Show Abstract | Download Original | Original Source | Check in Google Scholar | DOI: 10.20414/juwita.v1i3.6206

Abstract

Purpose: This Research aims to determine the contribution of English Village educational tourism to the level of welfare of the people of South Tetebatu. Methods: The method in this study uses qualitative methods with a case study approach. Primary research data comes from the Tetebatu Selatan Village Government and Staff, as well as the Tetebatu Selatan Village Community using interview, observation and documentation methods. Data analysis techniques using data reduction, data display and drawing conclusions. While the validity of the data using the extension of the presence of researchers and triangulation of sources.

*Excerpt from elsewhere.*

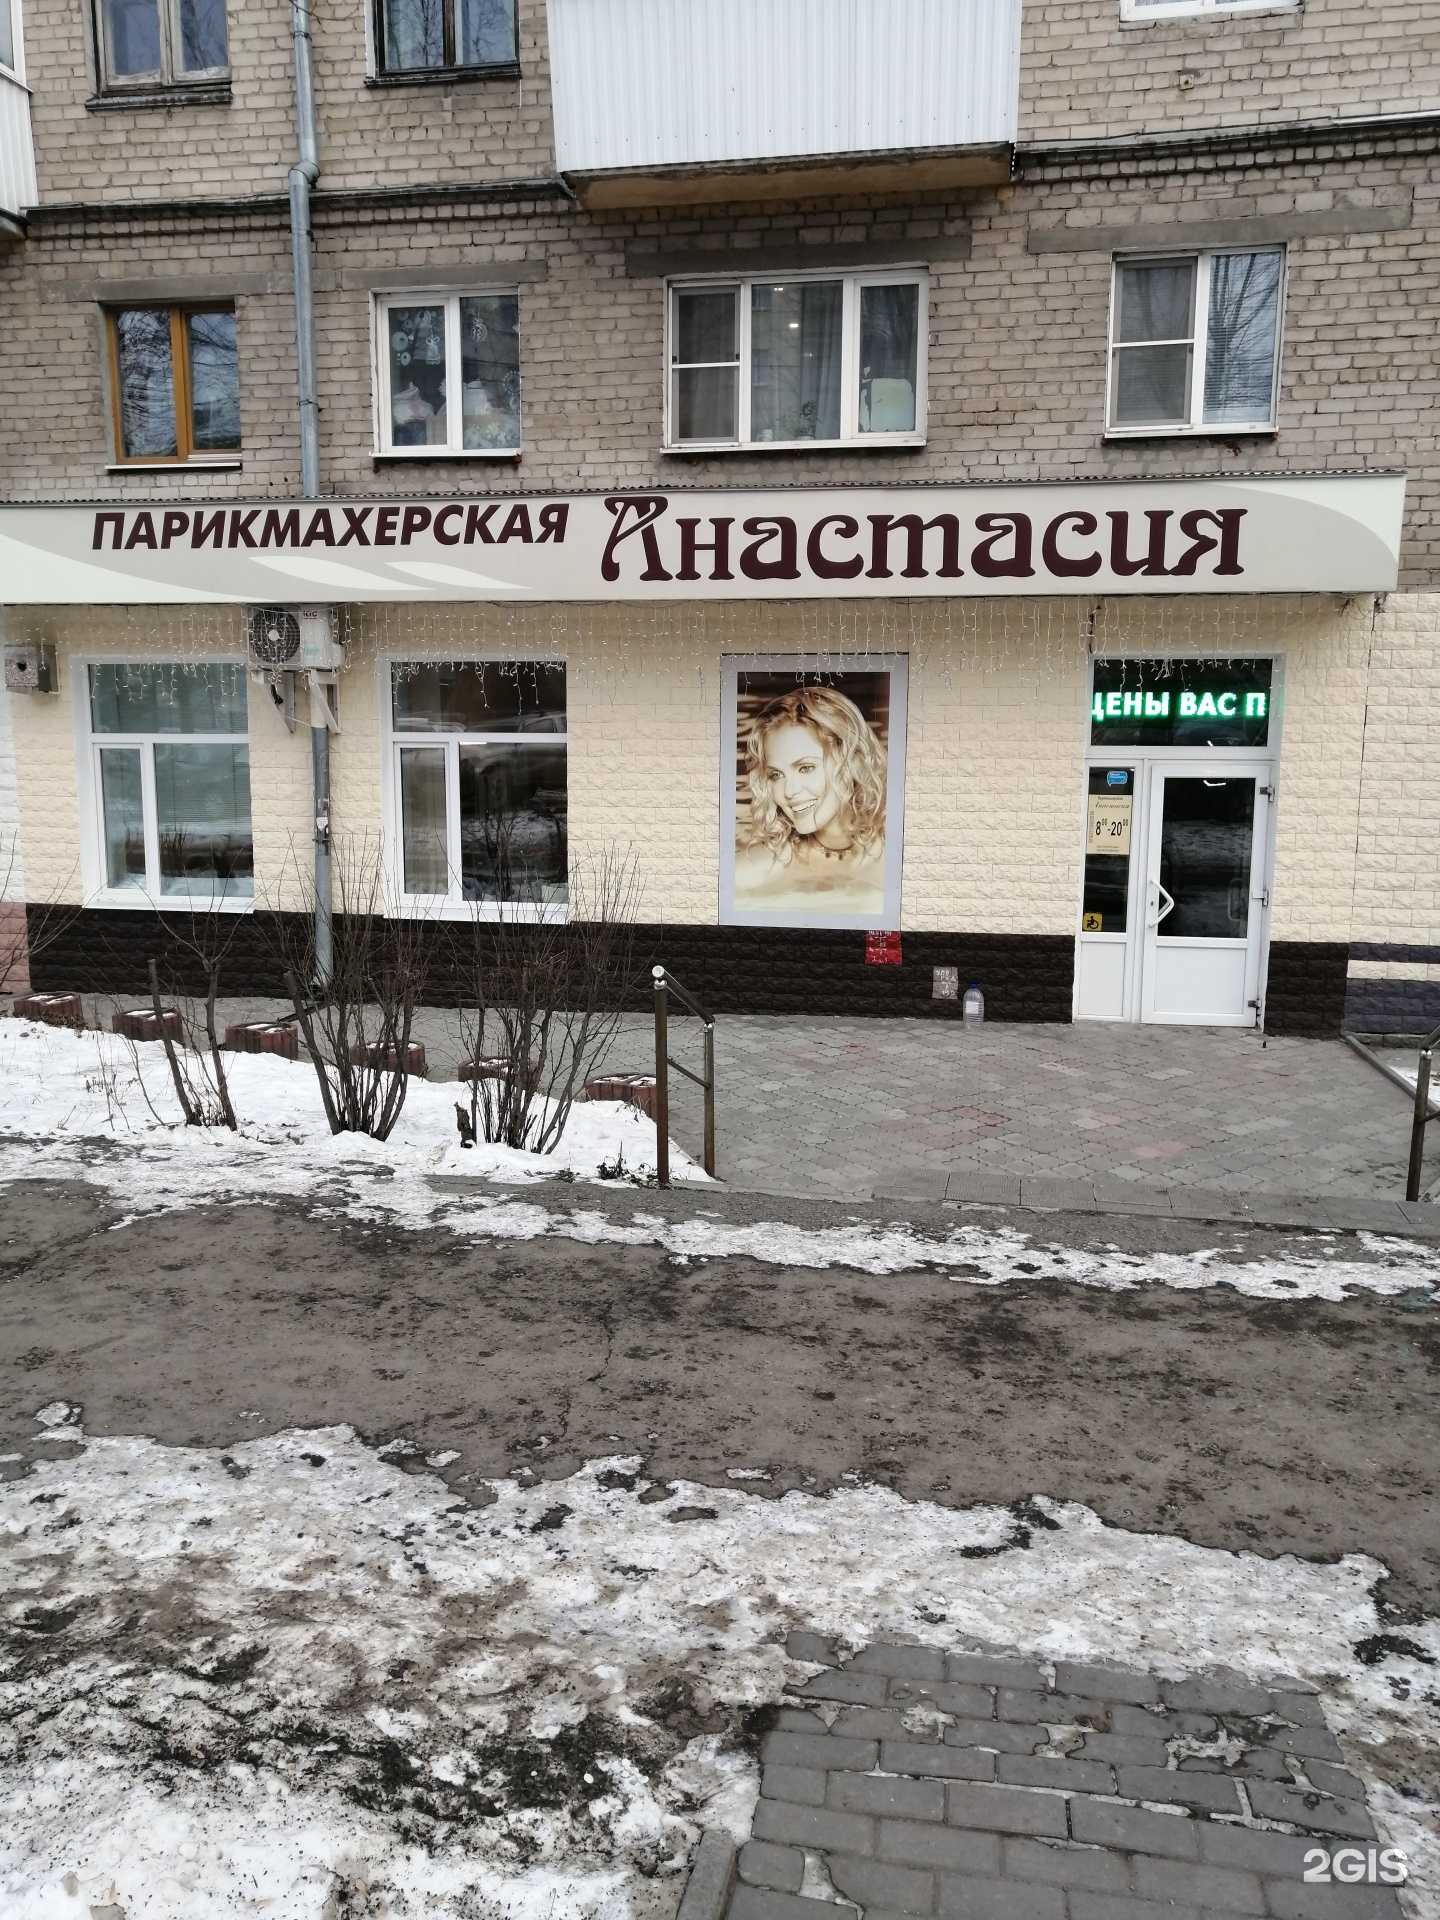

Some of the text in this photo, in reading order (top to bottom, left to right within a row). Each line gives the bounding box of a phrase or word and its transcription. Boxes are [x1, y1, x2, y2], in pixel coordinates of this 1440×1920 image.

[93, 496, 1247, 582] ПАРИКМАХЕРСКАЯ Анастасия
[1180, 692, 1237, 716] ВАС

Result: The results of this study indicate that the English Village of South Tetebatu has had a positive impact on the economy and the level of welfare of the people of South Tetebatu which is marked with 1). Hotels and inns for residents close to Kampung Inggris are starting to be filled by course participants for places to stay, 2). The stretching of UMKM has also started to show results, with the presence of several small traders in the English Village area, and the spread of the laundry business, 3). Opening new job vacancies, namely providing opportunities for local people to become tutors, and other businesses such as laundry and catering certainly require employees for their operations, 4). increase the income of the local community, which has implications for the level of community welfare. In addition to the positive impact, the existence of Kampung Inggris also has a negative impact, namely the occurrence of social conflict due to the uneven distribution of beneficiaries from the Kampung Inggris Tetebatu Selatan edutour, as well as conflicts of interest between tourism development, schools and the community, by taking over part of the school land for the construction of Rest Areas and Pertashops . Contribution: this reseach is practically to be useful as input from stakeholders in South Tetebatu Village in improving the welfare of local communities with the development of tourist villages. The development of community-based tourist villages that prioritize community participant in the development of tourism Village is very necessary to improve the welfare of local communities and can reduce conflicts.